O Irã, por sua vez, não possui armas nucleares – nenhum dos países envolvidos afirma que ele tem. O que o regime iraniano possui é uma postura ambígua que por vezes avança e por vezes recua na busca da construção de uma bomba. O Irã chegou a topar dois acordos para refrear seu programa nuclear. O primeiro, mediado pelo Brasil e pela Turquia em 2012, foi boicotado por Barack Obama. O segundo, acordo assinado em 2015 com cinco países – os que fazem parte do Conselho de Segurança da ONU – garantindo que o Irã permitiria que seu programa nuclear fosse monitorado pela agência atômica da ONU. Ao ser eleito para o seu primeiro mandato, em 2017, Donald Trump retirou o governo americano do acordo.
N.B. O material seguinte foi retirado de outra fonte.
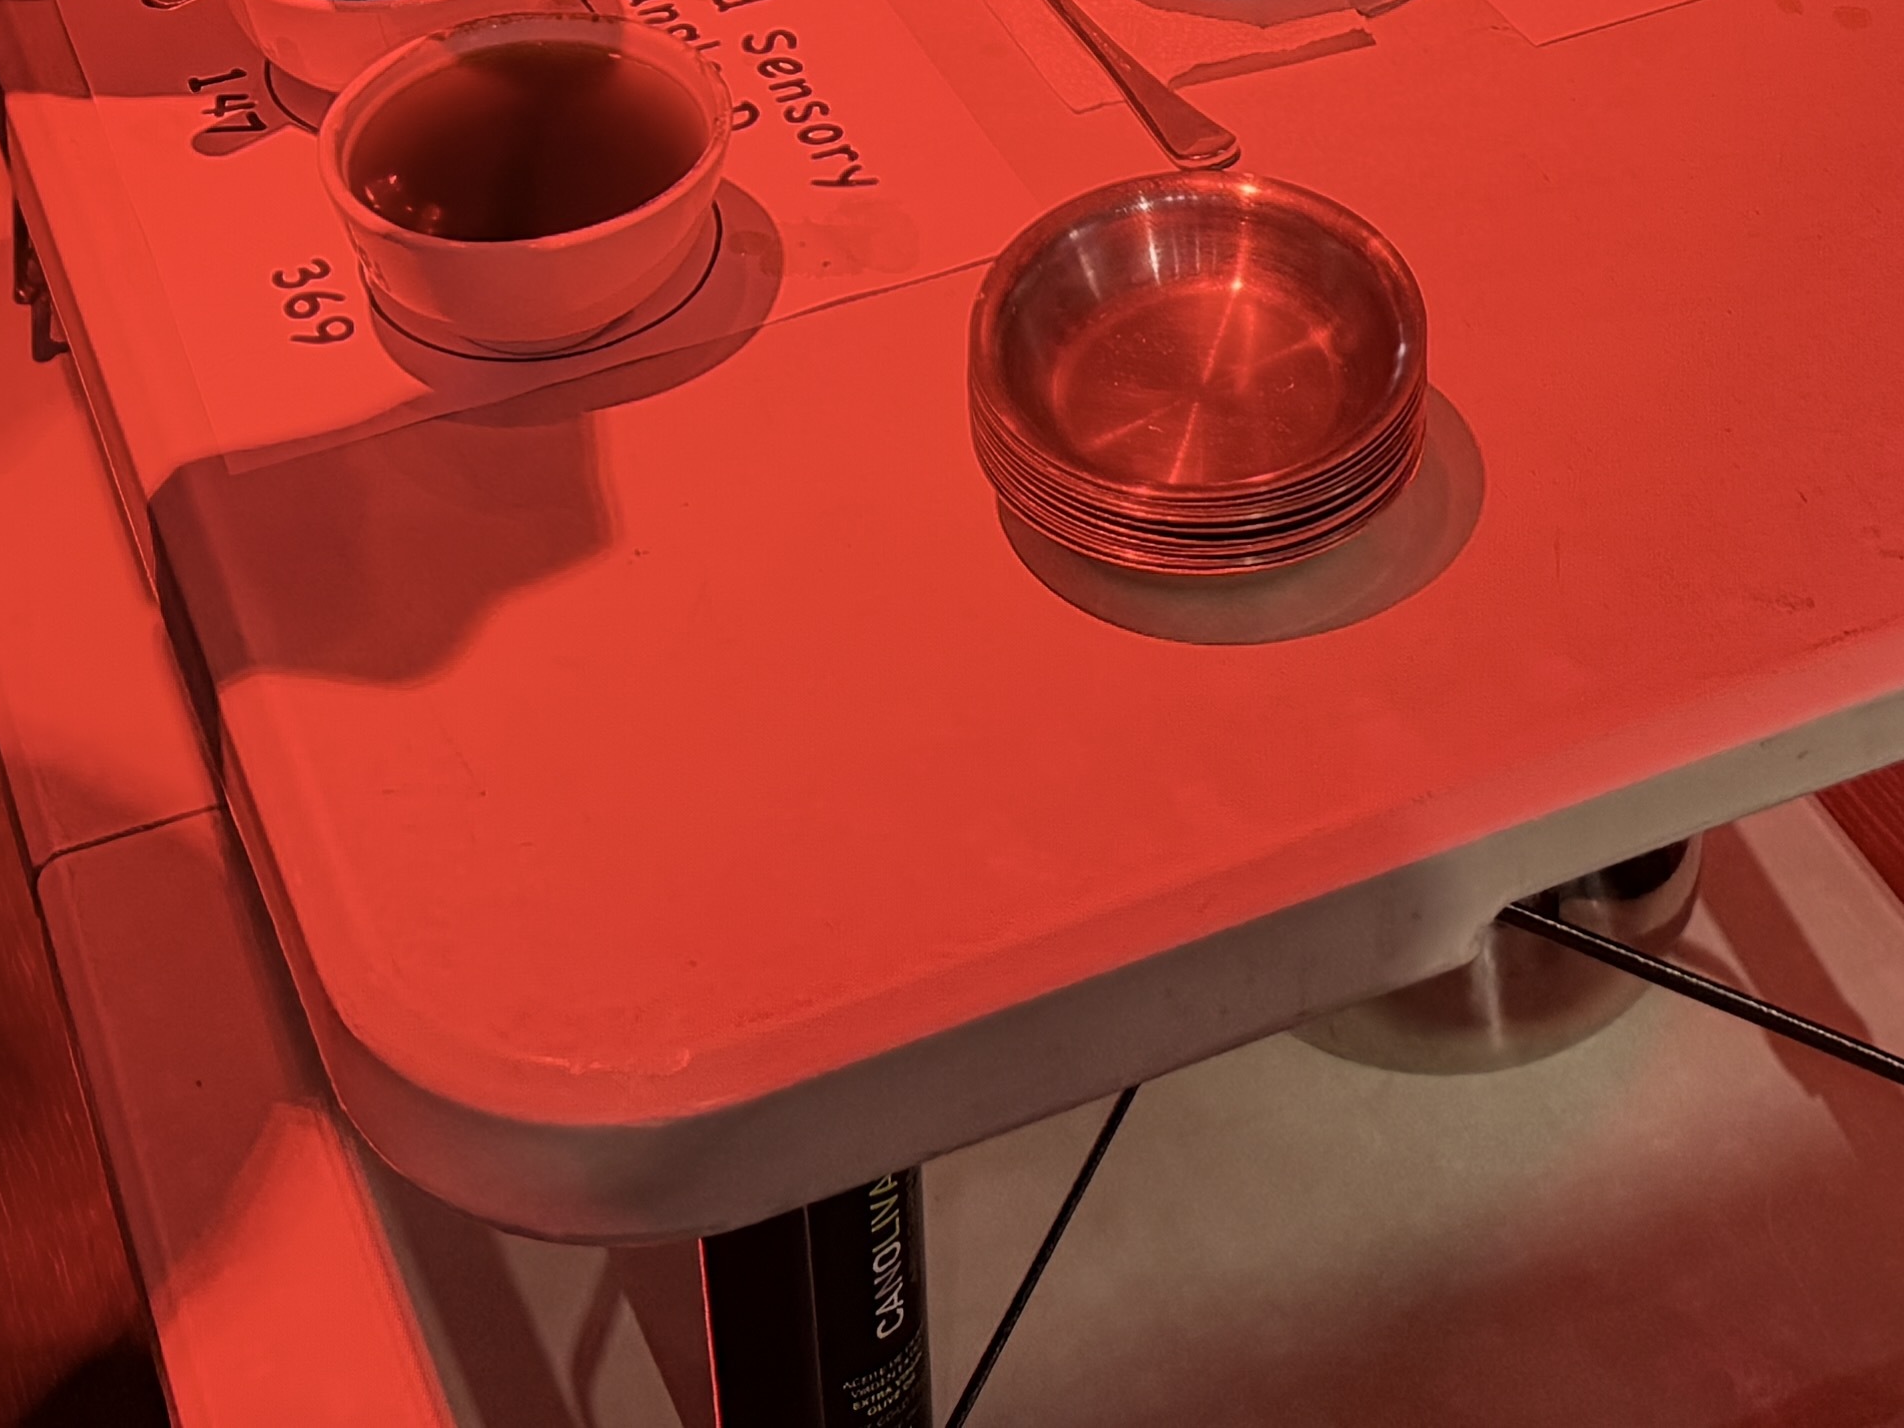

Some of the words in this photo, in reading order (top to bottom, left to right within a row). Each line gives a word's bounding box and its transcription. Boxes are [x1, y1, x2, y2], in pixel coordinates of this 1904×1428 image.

[188, 68, 267, 133] 147
[740, 28, 880, 188] Sensory
[271, 257, 355, 344] 369
[868, 1172, 905, 1340] CANOLIVA
O acordo começou a ruir.
Agora, com o genocídio palestino promovido por Israel, o tema da obtenção de bombas nucleares passou a ganhar até mais apoio dentre os próprios iranianos .
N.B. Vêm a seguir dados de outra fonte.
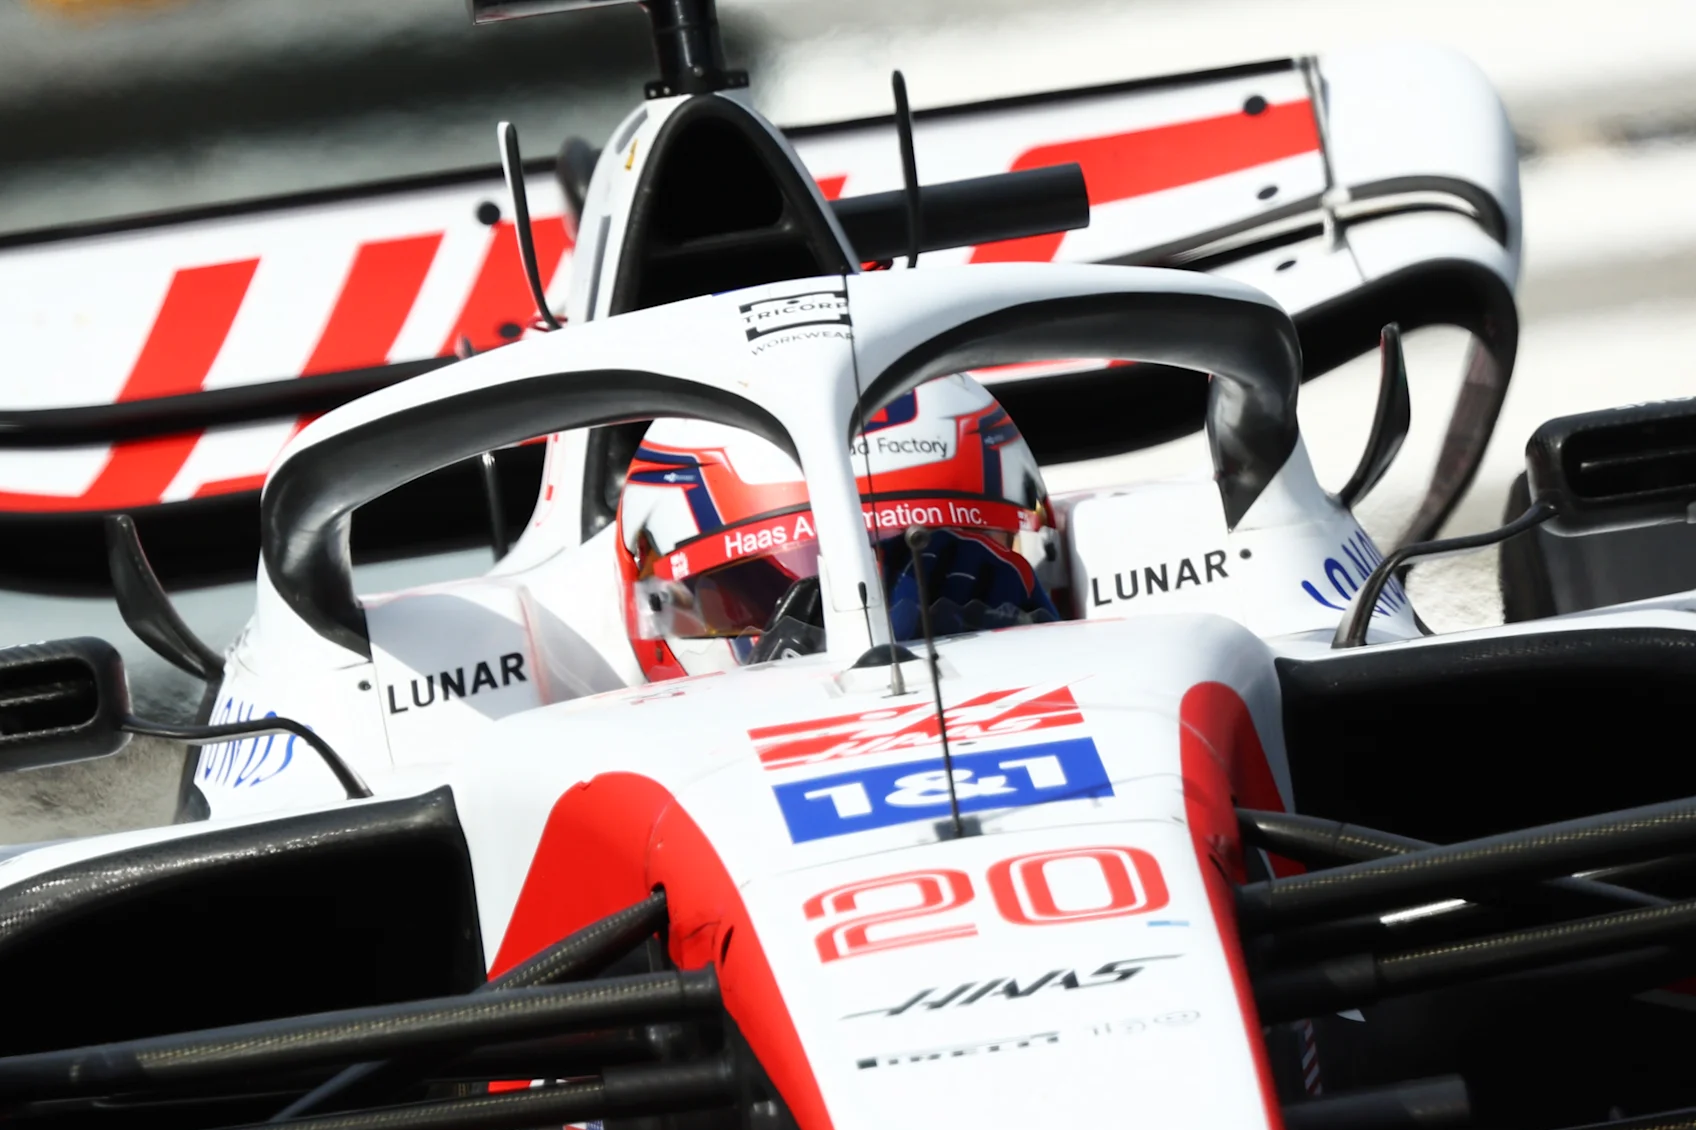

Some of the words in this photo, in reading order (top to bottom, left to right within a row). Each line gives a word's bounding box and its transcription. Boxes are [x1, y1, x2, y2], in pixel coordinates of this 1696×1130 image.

[876, 437, 949, 459] Factory
[724, 525, 787, 558] Haas
[948, 502, 988, 525] Inc.
[1091, 549, 1229, 607] LUNAR
[387, 652, 528, 715] LUNAR
[804, 755, 1067, 819] 1&1
[803, 846, 1169, 963] 20
Quando lançou os primeiros ataques contra as instalações nucleares iranianas, Israel estimava que o Irã poderia construir uma ogiva em 6 meses – não que tinha uma.
Mas, em 16 de junho último, o Irã anunciou que o seu Congresso está escrevendo uma lei que vai permitir ao país se retirar do TNP.
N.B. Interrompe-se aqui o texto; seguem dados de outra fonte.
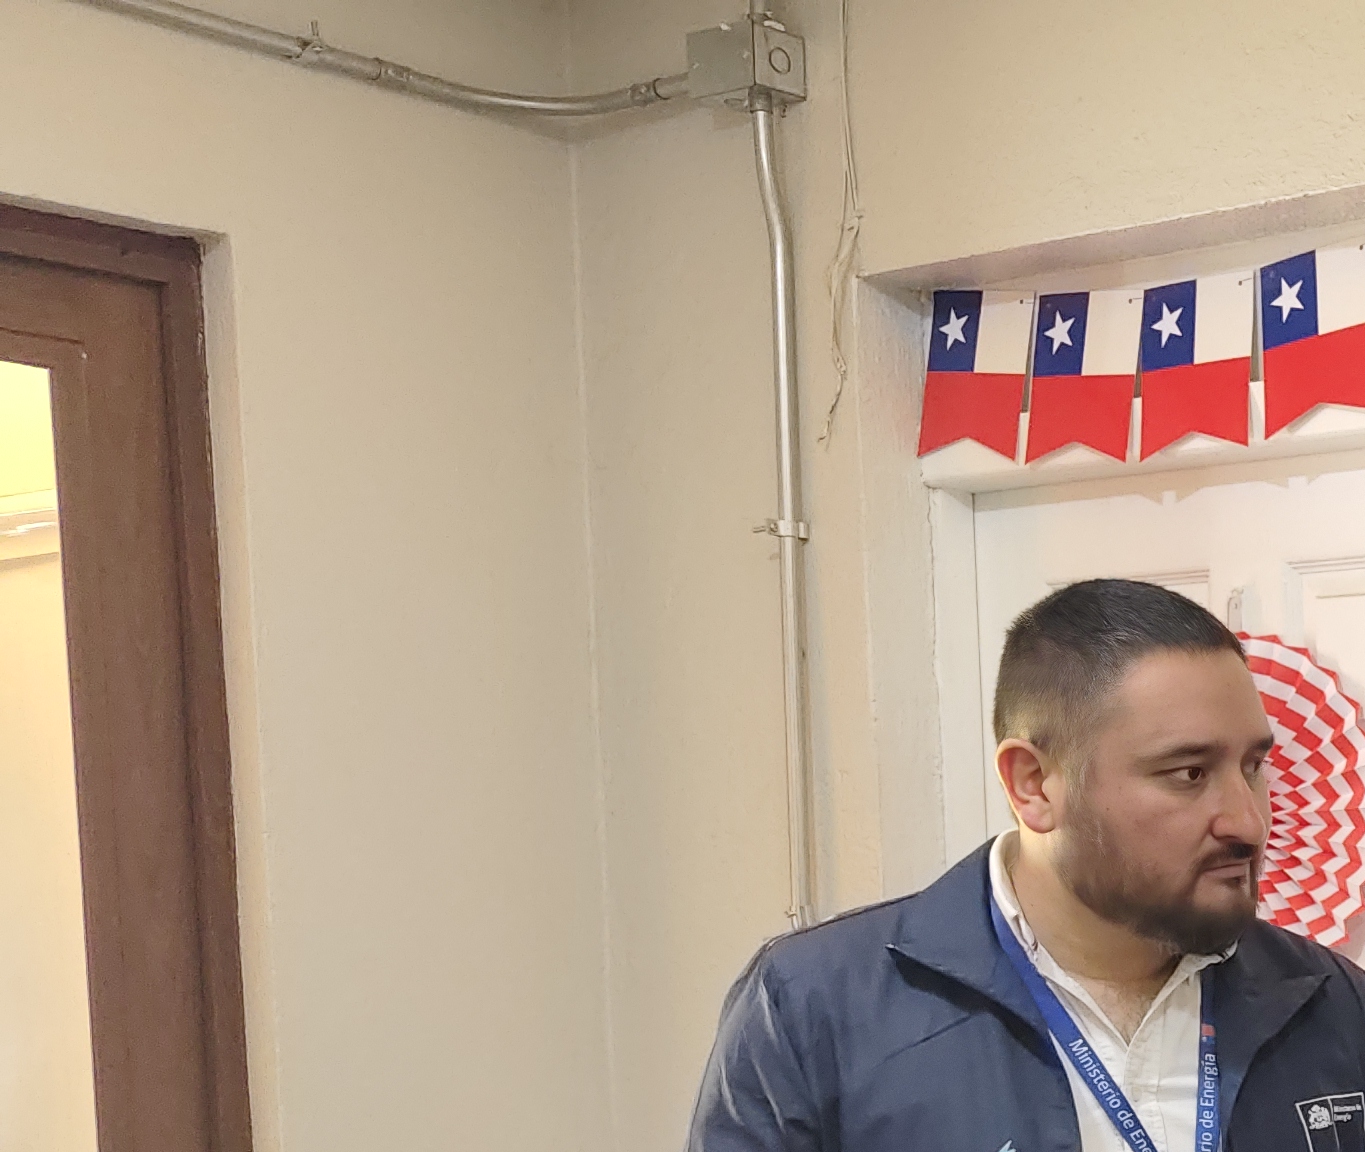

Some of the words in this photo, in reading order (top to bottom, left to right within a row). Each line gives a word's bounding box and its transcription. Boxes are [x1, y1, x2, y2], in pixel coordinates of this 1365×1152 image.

O Paquistão, que estima-se ter cerca de 150 ogivas e não assinou o TNP, é visto como um possível parceiro se o Irã quiser comprar a bomba.
Como se vê, o confronto de agora parece longe de ter um fim. Celso Amorim, um dos nossos diplomatas mais experientes – e que chegou a mediar o acordo com o Irã em 2012 – afirmou que, pela primeira vez, teme que os conflitos atuais escalem para uma guerra mundial. “Nunca vi em minha vida nada parecido em termos de tensão”, disse ao jornalista Jamil Chade. Amorim teme que os atuais conflitos – a invasão da Ucrânia pela Rússia, os ataques de Israel ao Irã e o genocídio dos Palestinos em Gaza – se unam, o que levaria a um conflito regional.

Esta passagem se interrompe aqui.